BASIC RESEARCH 
AT LOS ALAMOS
Los Alamos: Laboratory
(1943-1944)
Events: Bringing It All
Together, 1942-1945

The first few months at Los Alamos were occupied with briefings on nuclear physics for the technical staff and with planning research priorities and organizing the laboratory.  Leslie Groves called once again on Warren Lewis to head a committee, this time to evaluate the Los Alamos program.  The committee's recommendations resulted in the coordinated effort envisioned by those who advocated a unified laboratory for bomb research.  Enrico Fermi (right) took control of critical mass experiments and standardization of measurement techniques.  Plutonium purification work, begun at the Met Lab, became high priority at Los Alamos, and increased attention was paid to metallurgy.  The committee also recommended that an engineering division be organized to collaborate with physicists on bomb design and fabrication.  The laboratory was thus organized into four divisions: theoretical (Hans A. Bethe, right); experimental physics (Robert F. Bacher); chemistry and metallurgy (Joseph W. Kennedy); and ordnance (Navy Captain William S. "Deke" Parsons).  Like other Manhattan Project installations, Los Alamos soon began to expand beyond initial expectations.  

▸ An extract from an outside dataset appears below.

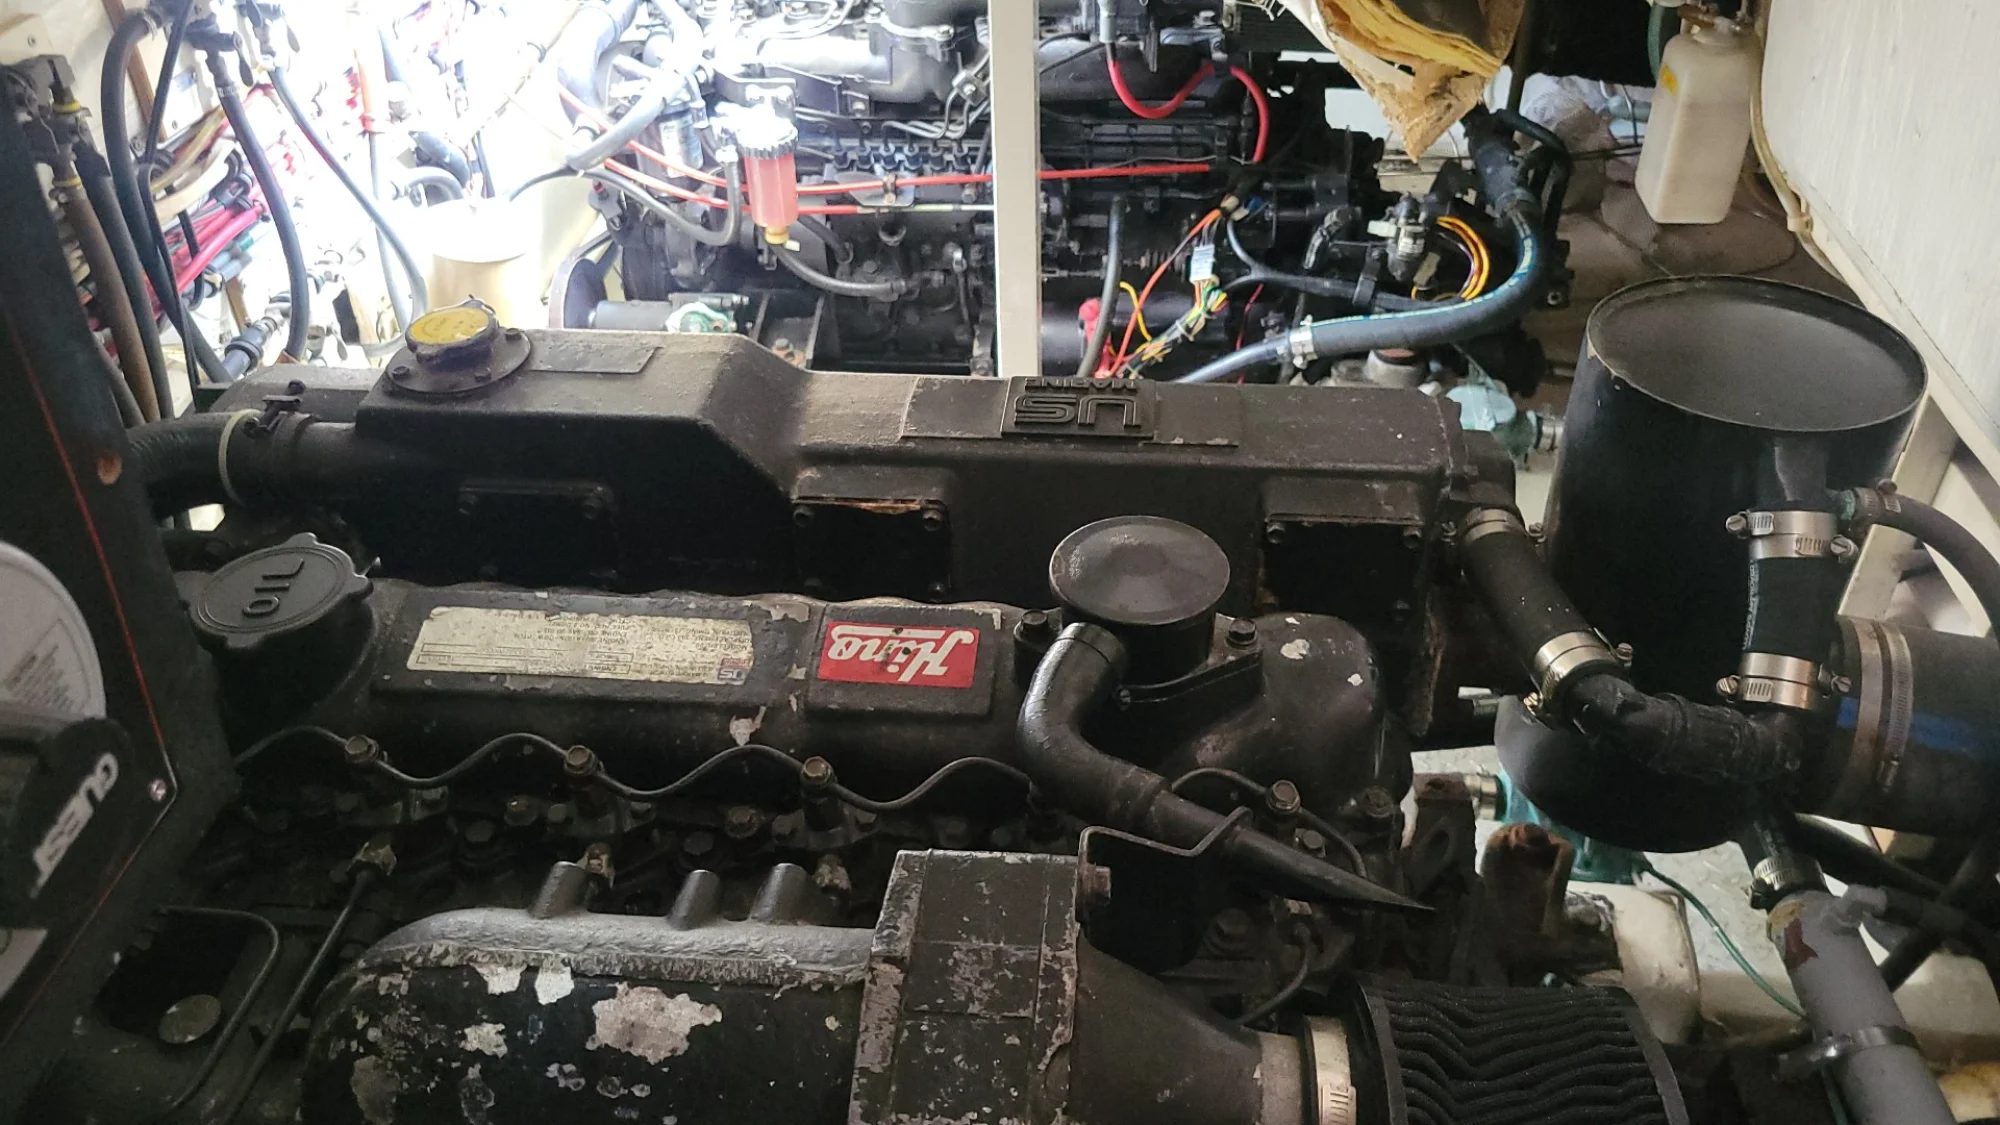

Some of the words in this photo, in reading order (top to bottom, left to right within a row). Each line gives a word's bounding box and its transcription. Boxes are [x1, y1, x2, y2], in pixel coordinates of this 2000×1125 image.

[1014, 393, 1141, 428] US
[242, 558, 305, 617] OIL
[828, 625, 974, 683] Hino
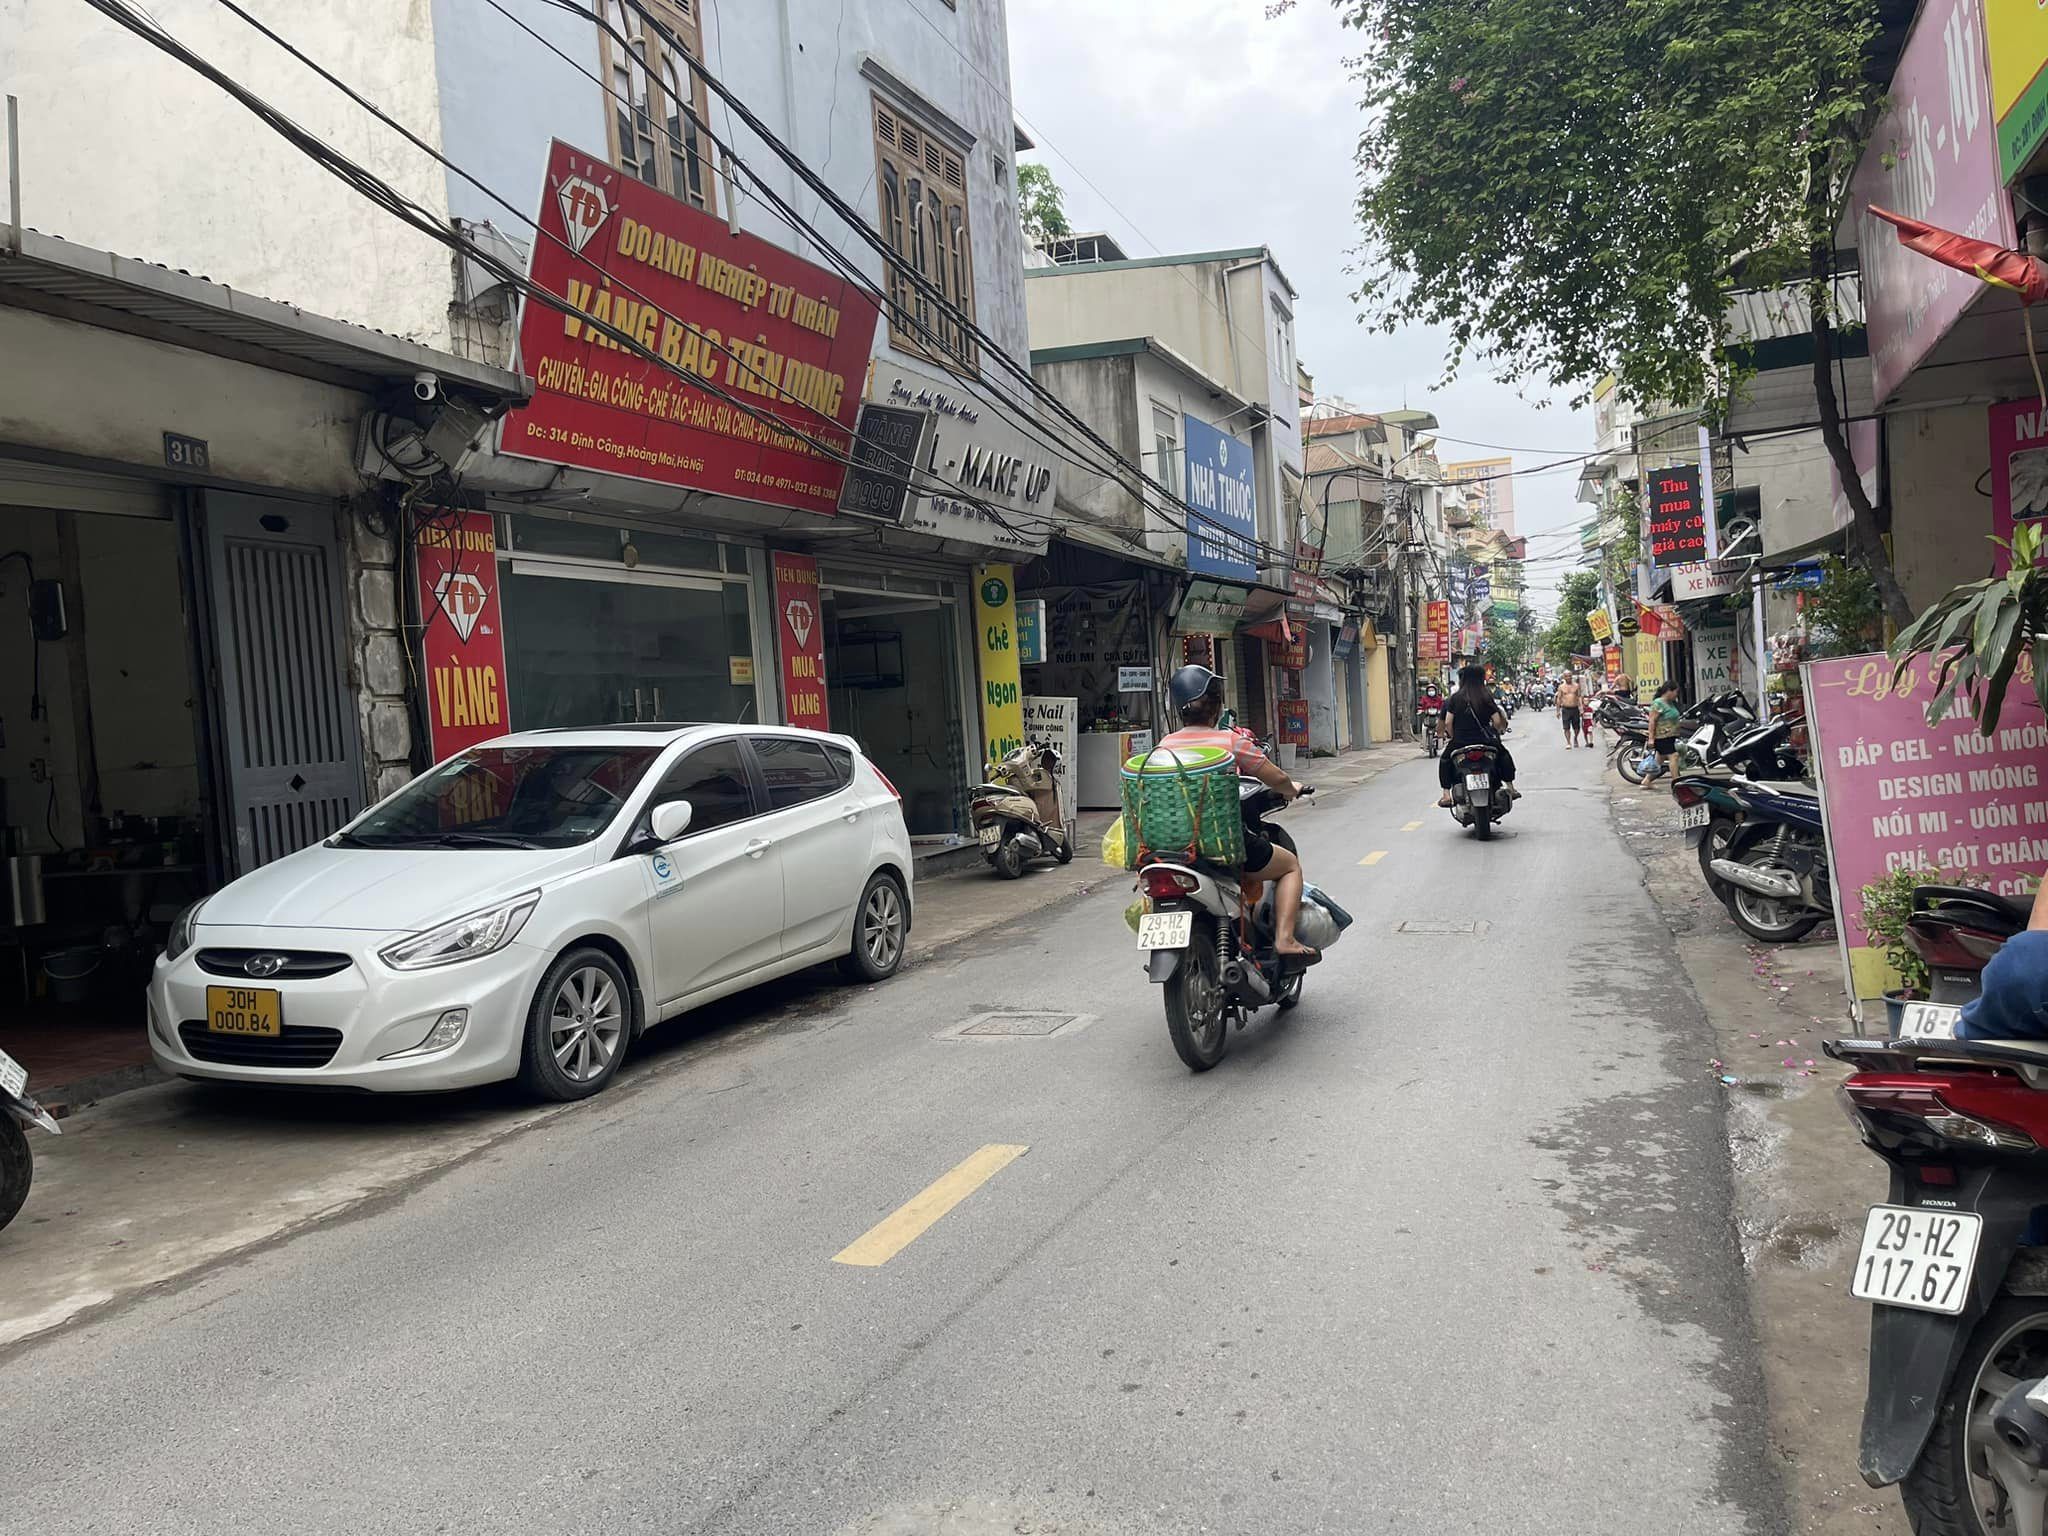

As director, J. Robert Oppenheimer (below) shouldered burdens both large and small, managing the numerous mundane matters such as living quarters, mail censorship, salaries, promotions, and other "quality of life" issues that were inevitable in an intellectual pressure-cooker with few social amenities.  Oppenheimer relied on a group of advisers to help him keep the "big picture" in focus, while a committee made up of Los Alamos group leaders provided day-to-day communications between divisions.  

Early experiments on both uranium and plutonium provided welcome results.  Uranium emitted neutrons in less than a billionth of a second -- just enough time, in the world of nuclear physics, for an efficient explosion.  Emilio Segrè (below) later provided an additional cushion with his discovery in December 1943 that, if cosmic rays were eliminated, the subcritical uranium masses would not have to be brought together as quickly as previously thought; nor would the uranium have to be as pure.  Muzzle velocity for the scaled-down artillery piece could be lower, and the gun could be shorter and lighter.  Segrè's tests on the first samples of plutonium demonstrated that plutonium emitted even more neutrons than uranium due to the spontaneous fission of plutoniurn-240.  Both theory and experimental data now agreed that a bomb using either element would detonate if it could be designed and fabricated into the correct size and shape.  But many details remained to be worked out, including calculations to determine how much uranium-235 or plutonium would be needed for an explosive device.  

Bacher's experimental physics division patiently generated the essential cross section measurements needed to calculate critical and efficient mass.  The same group utilized particle accelerators to produce the large numbers of neutrons needed for its cross section experiments.  Bacher's group also compiled data that helped identify tamper materials that would most effectively push neutrons back to the core and enhance the efficiency of the explosion.  Despite Los Alamos's postwar reputation as a mysterious retreat where brilliant scientists performed miracles of nuclear physics, much of the work that led to the atomic bombs was extremely tedious.  

The chemists' job was to purify the uranium-235 and plutonium, reduce them to metals, and process the tamper material.  Only highly purified uranium and plutonium would be safe from predetonation.  Fortunately, purification standards for uranium were relatively modest, and the chemical division was able to focus its effort on the lesser known plutonium and make substantial progress on a multi-step precipitation process by summer 1944.  The metallurgy division had to turn the purified uranium-235 and plutonium into metal.  Here, too, significant progress was made by summer as the metallurgists adapted a stationary-bomb technique initially developed at Iowa State College.  

Parsons (right), in charge of ordnance engineering, directed his staff to design two artillery pieces of relatively standard specifications except for their extremely light barrels -- one for a uranium bomb and one for a plutonium bomb.  The guns needed to achieve high velocities, but they would not have to be durable since they would only be fired once.  Here again early efforts centered on the more problematic plutonium weapon, which required a higher velocity due to its higher risk of predetonation.  Two plutonium guns arrived in March 1944 and were field-tested successfully.  In the same month, two uranium guns were ordered.